___ Recorded data ___

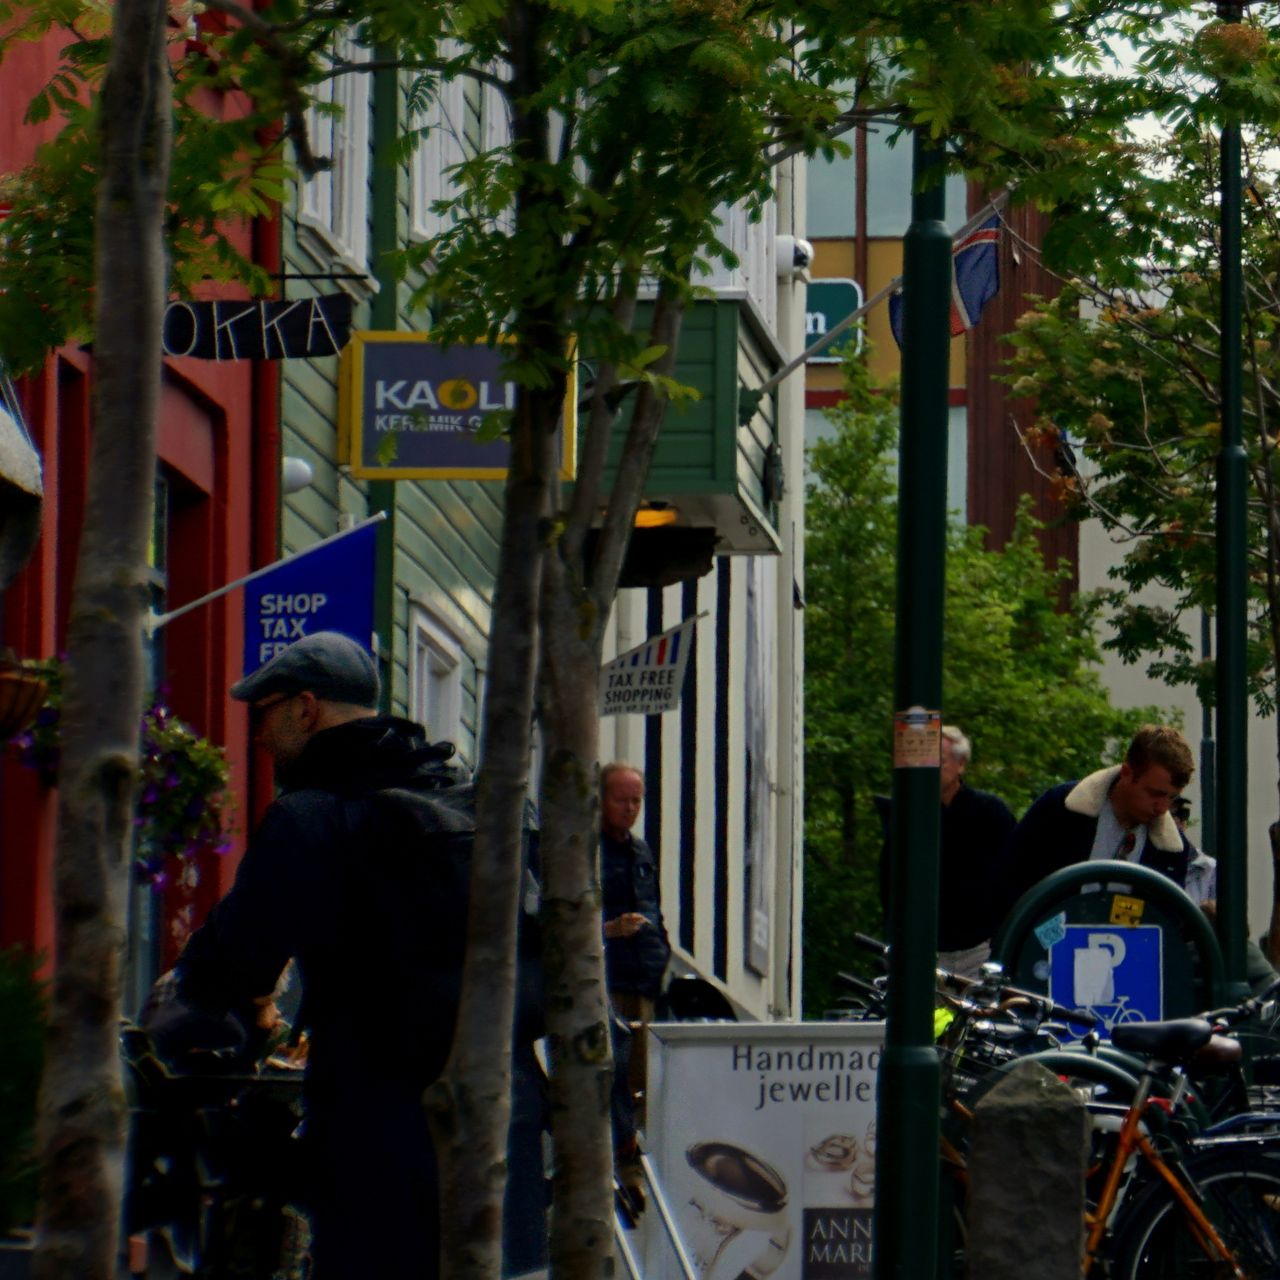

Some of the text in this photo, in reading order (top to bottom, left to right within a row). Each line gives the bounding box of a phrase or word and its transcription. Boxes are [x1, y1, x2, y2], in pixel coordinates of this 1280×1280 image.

[162, 297, 342, 362] OKKA
[375, 379, 516, 410] KAOLI
[260, 593, 327, 614] SHOP
[260, 618, 306, 639] TAX
[260, 642, 290, 663] FR
[608, 669, 676, 688] TAX FREE
[605, 687, 672, 705] SHOPPING
[732, 1044, 885, 1071] Handmad
[754, 1073, 872, 1111] jewelle
[810, 1218, 872, 1239] ANN
[809, 1243, 873, 1263] MARI
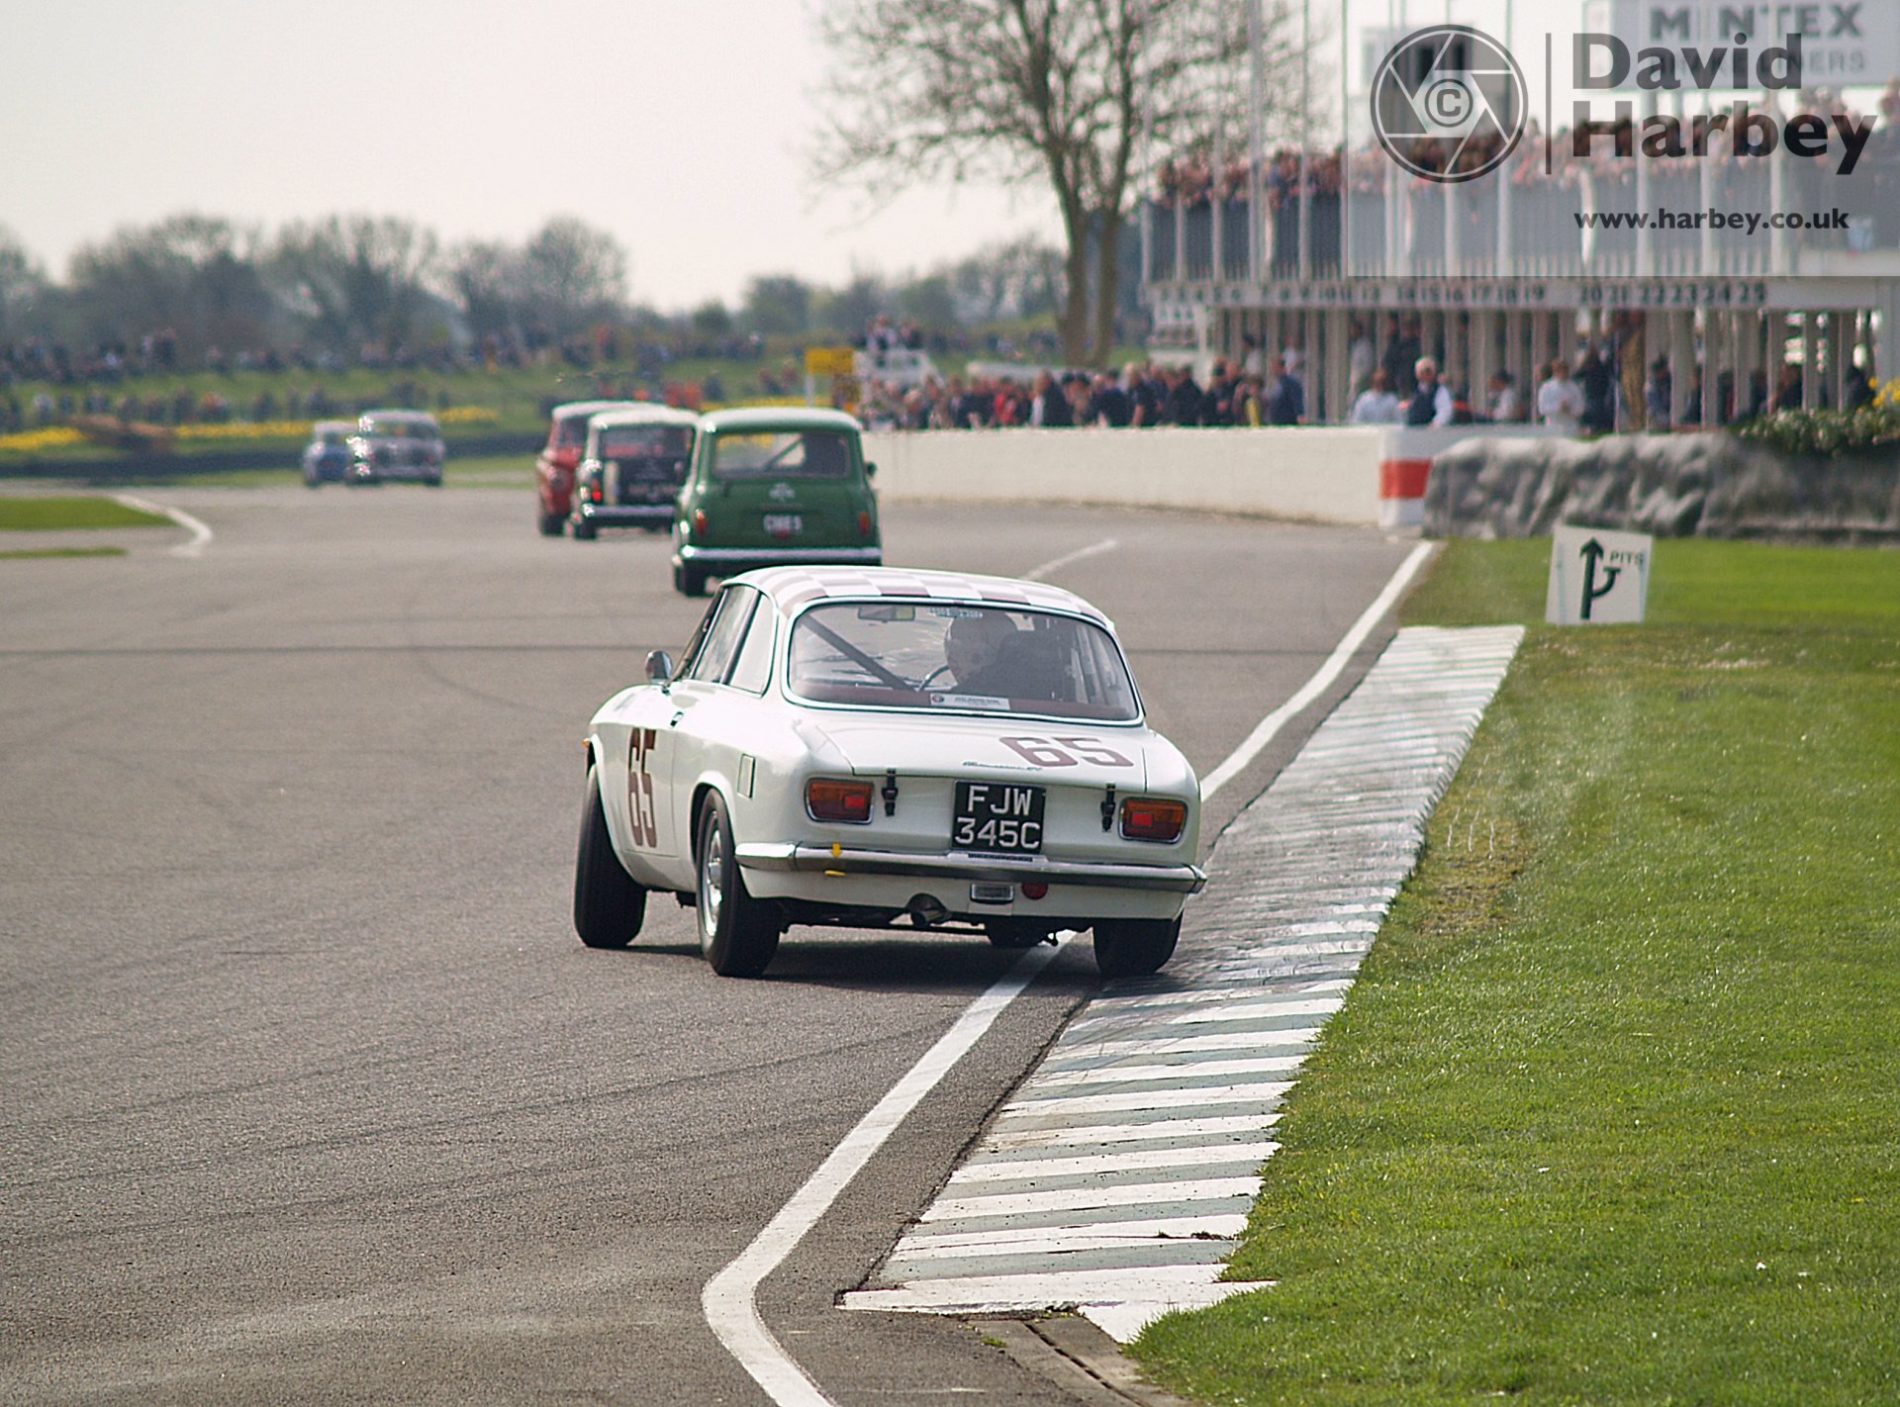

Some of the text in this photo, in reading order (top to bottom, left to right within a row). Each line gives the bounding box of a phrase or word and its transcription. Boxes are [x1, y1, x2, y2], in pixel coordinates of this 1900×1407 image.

[1650, 3, 1862, 40] MNTEX
[1609, 550, 1645, 565] PITS
[999, 737, 1134, 767] 65
[628, 727, 657, 848] 65
[967, 785, 1033, 817] FJW
[954, 817, 1041, 849] 345C
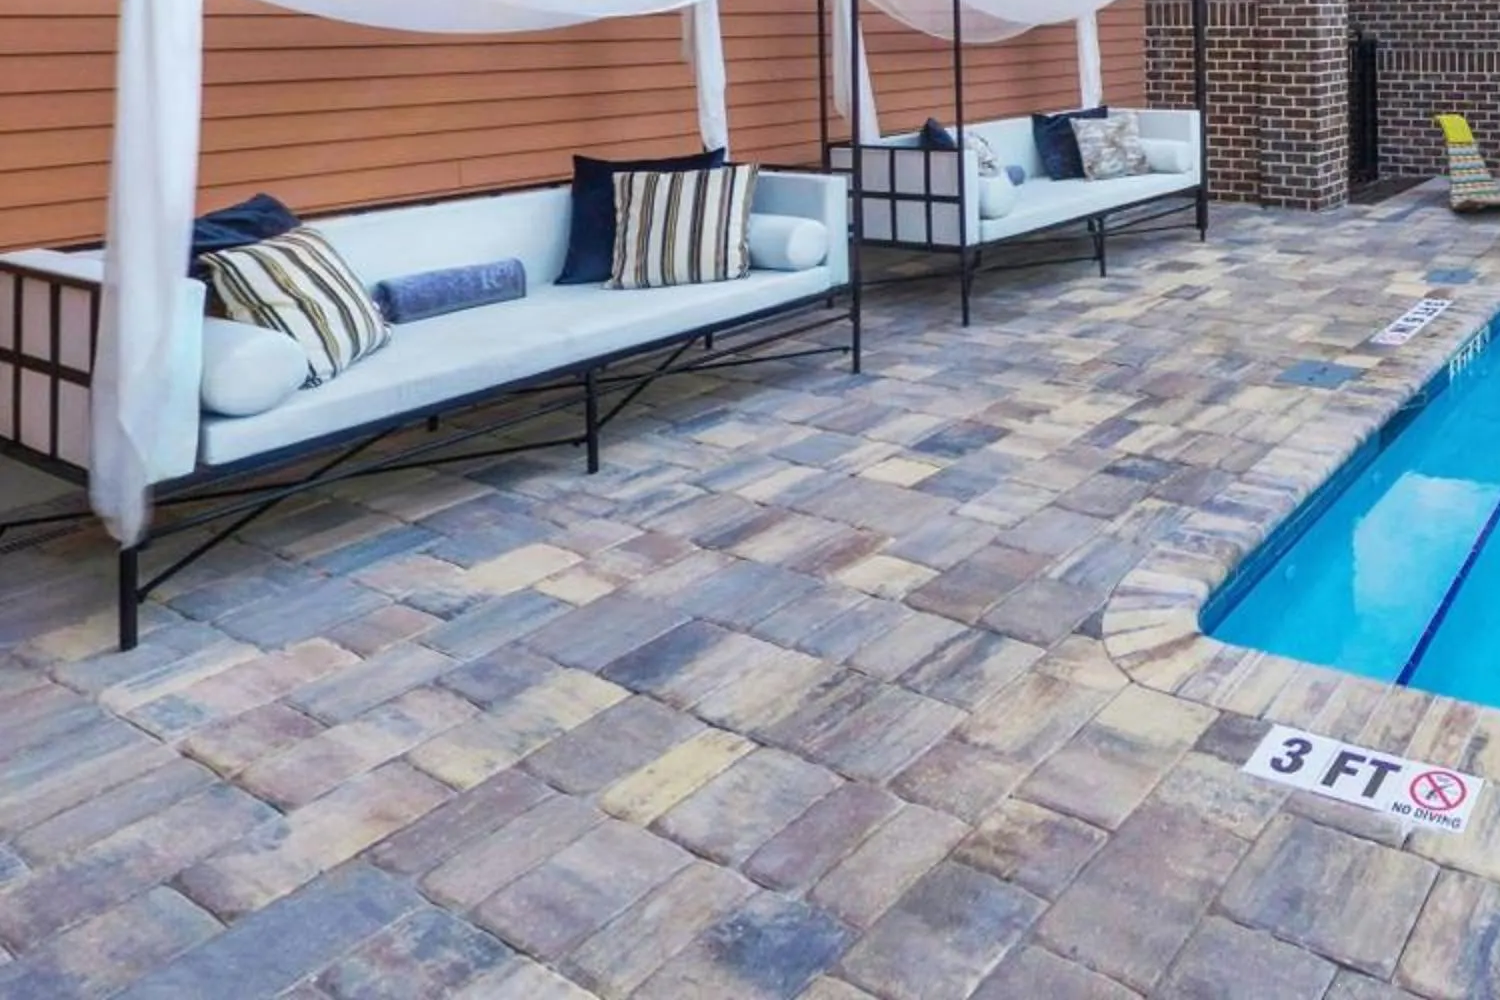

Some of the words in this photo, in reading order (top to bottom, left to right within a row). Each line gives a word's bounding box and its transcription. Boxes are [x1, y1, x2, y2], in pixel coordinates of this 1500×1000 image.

[1269, 737, 1314, 775] 3
[1320, 749, 1403, 800] FT
[1391, 801, 1412, 815] NO
[1413, 807, 1463, 829] DIVING
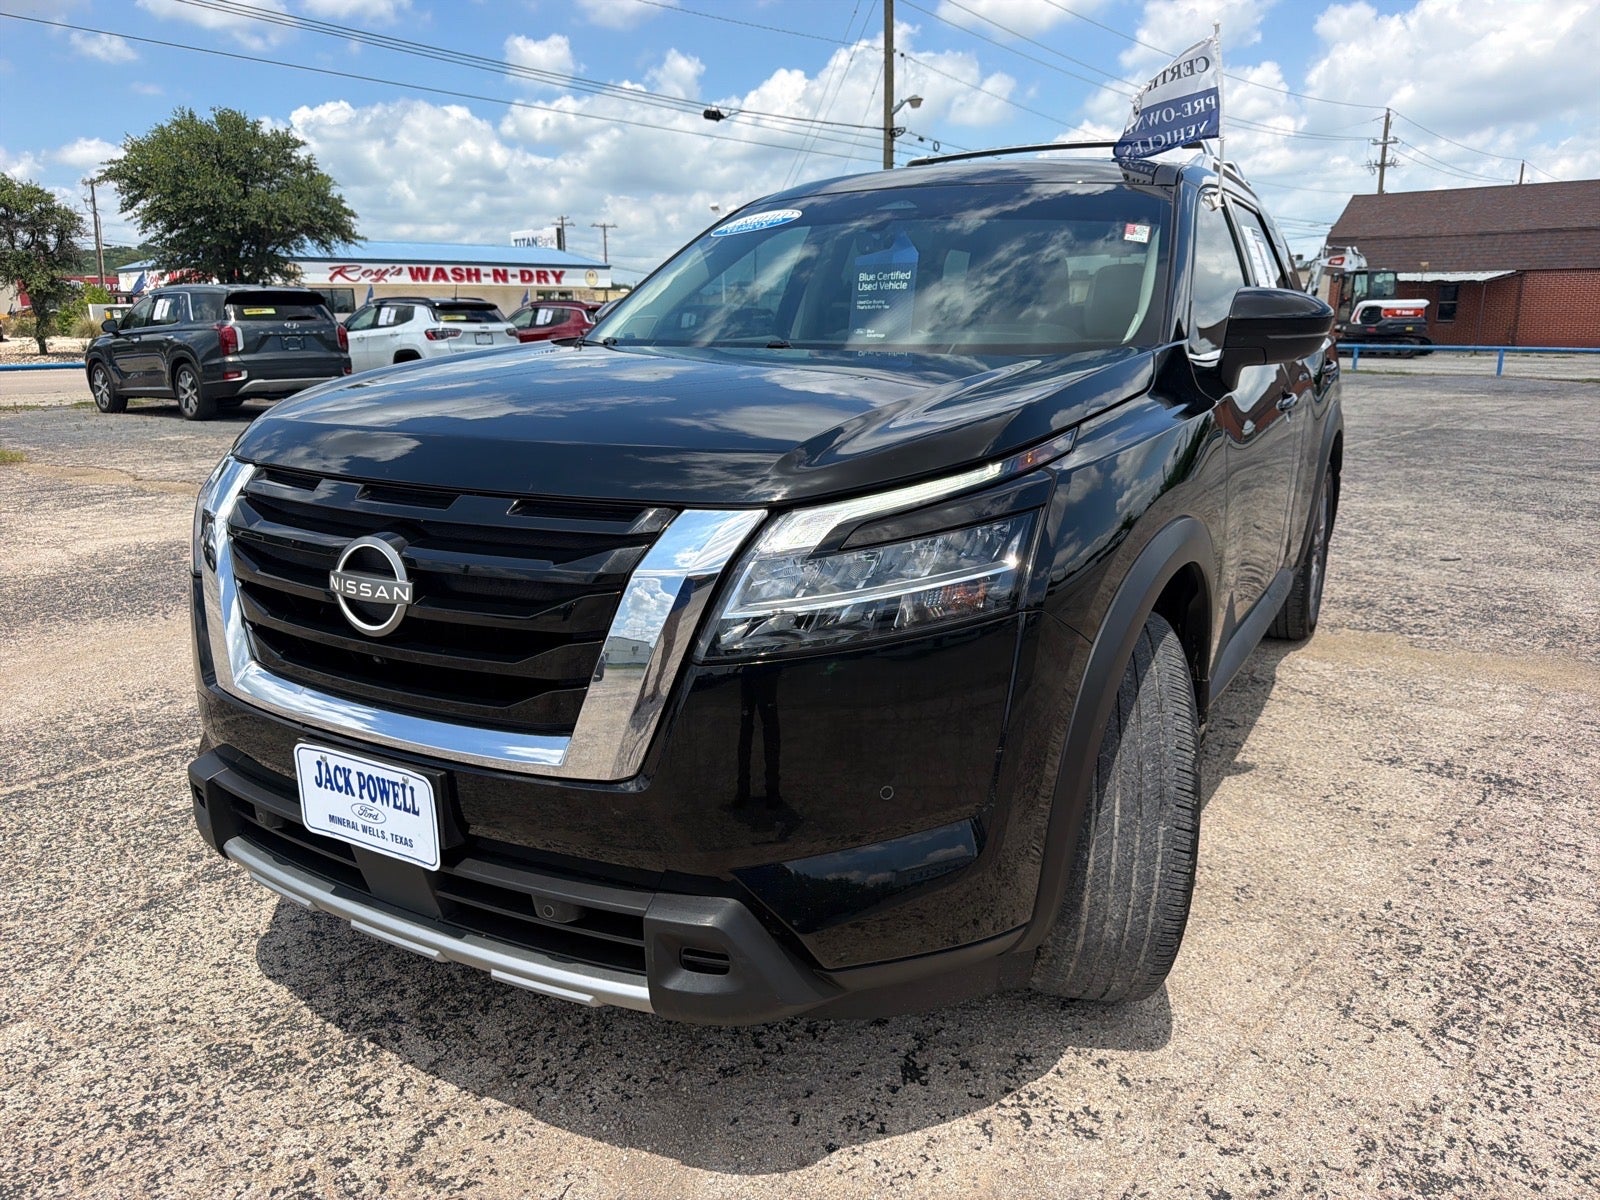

___

Exercise objective:
All the lines above should be reproduced exactly, and none of the pictures.

Task solution:
Some of the text in this photo, in reading order (top to bottom, left to right within a row). Each line gives the bounding box of a phrase or word and its transcription. Boxes are [x1, y1, x2, y2], in pixel coordinates of this 1280×1280 image.

[162, 297, 342, 362] OKKA
[375, 379, 516, 410] KAOLI
[260, 593, 327, 614] SHOP
[260, 618, 306, 639] TAX
[260, 642, 290, 663] FR
[608, 669, 676, 688] TAX FREE
[605, 687, 672, 705] SHOPPING
[732, 1044, 885, 1071] Handmad
[754, 1073, 872, 1111] jewelle
[810, 1218, 872, 1239] ANN
[809, 1243, 873, 1263] MARI

Some of the text in this photo, in reading order (top to bottom, left to right within a row). Each line gives the bounding box of a phrase or word and its transcription. Boxes are [x1, y1, x2, y2], in pixel coordinates of this 1900×1407 image.

[1650, 3, 1862, 40] MNTEX
[1609, 550, 1645, 565] PITS
[999, 737, 1134, 767] 65
[628, 727, 657, 848] 65
[967, 785, 1033, 817] FJW
[954, 817, 1041, 849] 345C

Some of the words in this photo, in reading order (top to bottom, left to right within a row). Each line gives a word's bounding box and its transcription. Boxes are [x1, y1, x2, y2], in pixel coordinates of this 1500×1000 image.

[1269, 737, 1314, 775] 3
[1320, 749, 1403, 800] FT
[1391, 801, 1412, 815] NO
[1413, 807, 1463, 829] DIVING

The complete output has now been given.